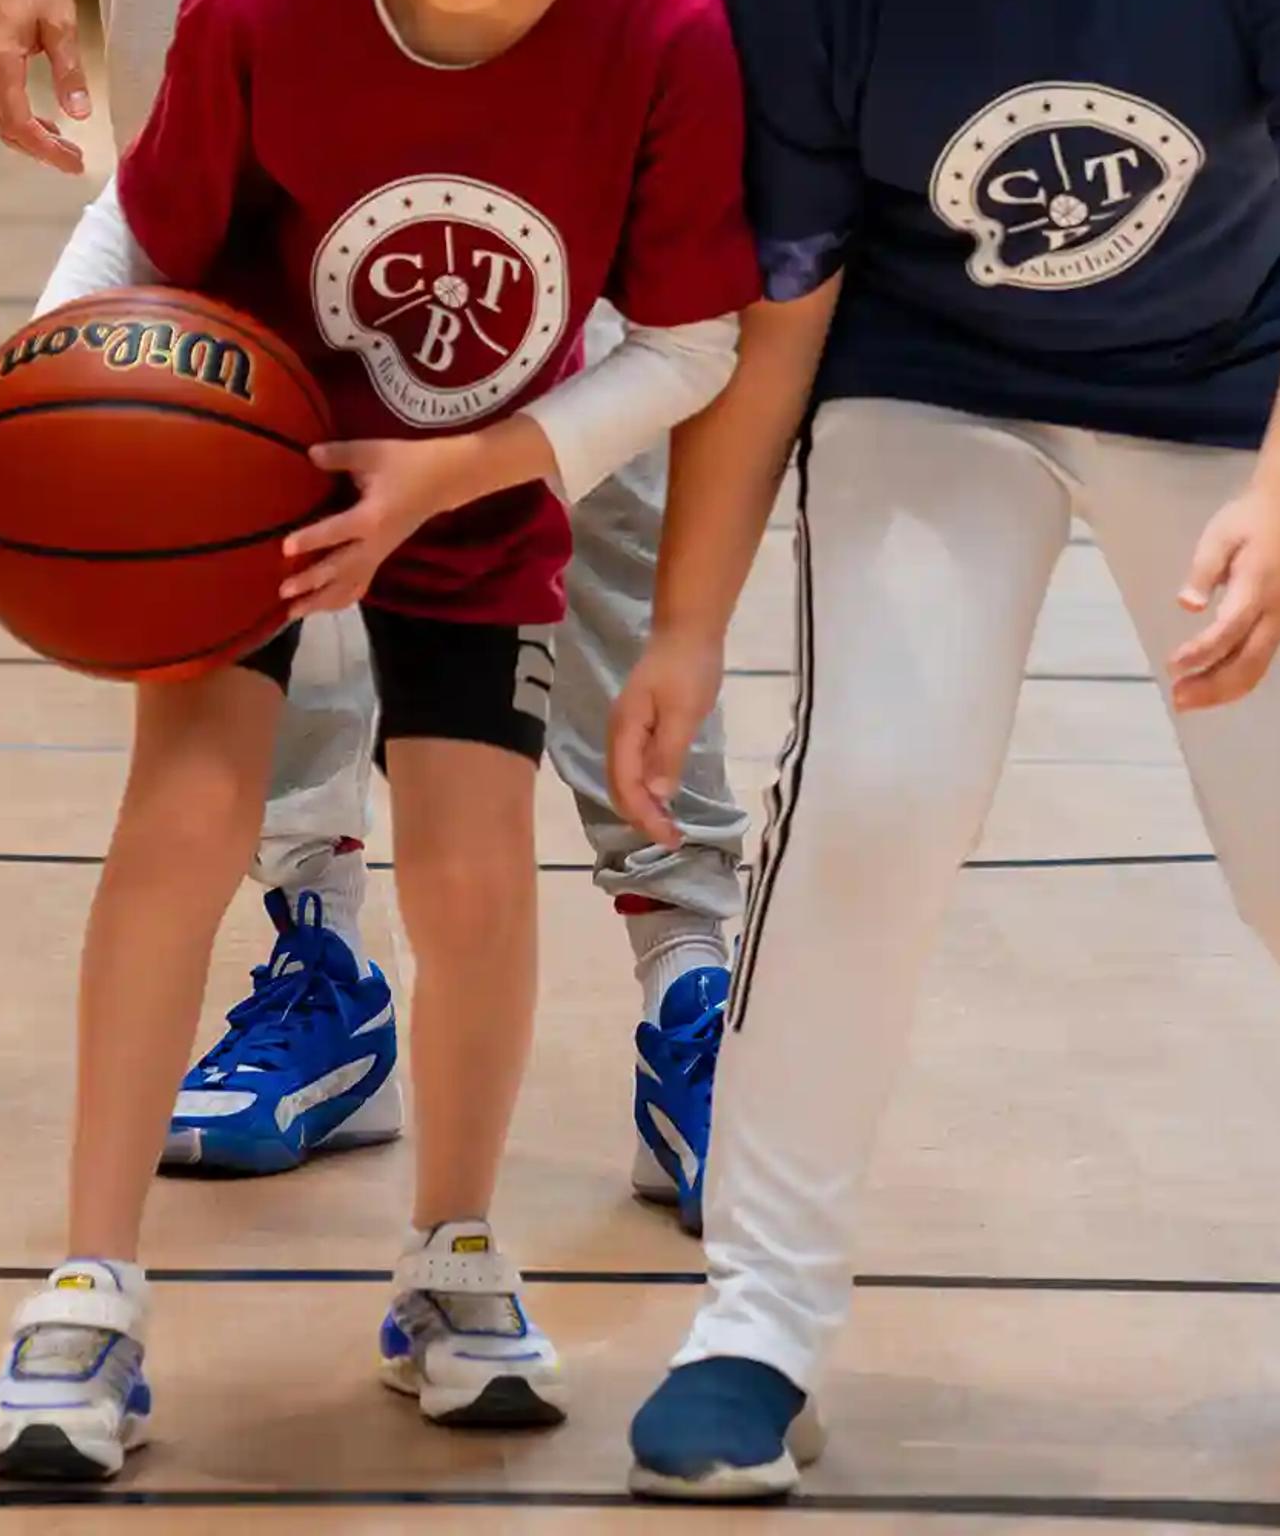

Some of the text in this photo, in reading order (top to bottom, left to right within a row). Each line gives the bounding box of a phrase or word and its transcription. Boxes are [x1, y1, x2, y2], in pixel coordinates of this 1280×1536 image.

[987, 148, 1139, 206] C T
[369, 250, 521, 313] C T
[0, 321, 255, 404] Wilson
[413, 303, 461, 371] B

——

**Your goal**
Apart from the pictures, every line of the data above should be given again exactly.

**Answer box**
Some of the text in this photo, in reading order (top to bottom, left to right within a row). Each line gives the bounding box of a phrase or word and its transcription. Boxes are [x1, y1, x2, y2], in pixel coordinates of this 1280×1536 image.

[987, 148, 1139, 206] C T
[369, 250, 521, 313] C T
[0, 321, 255, 404] Wilson
[413, 303, 461, 371] B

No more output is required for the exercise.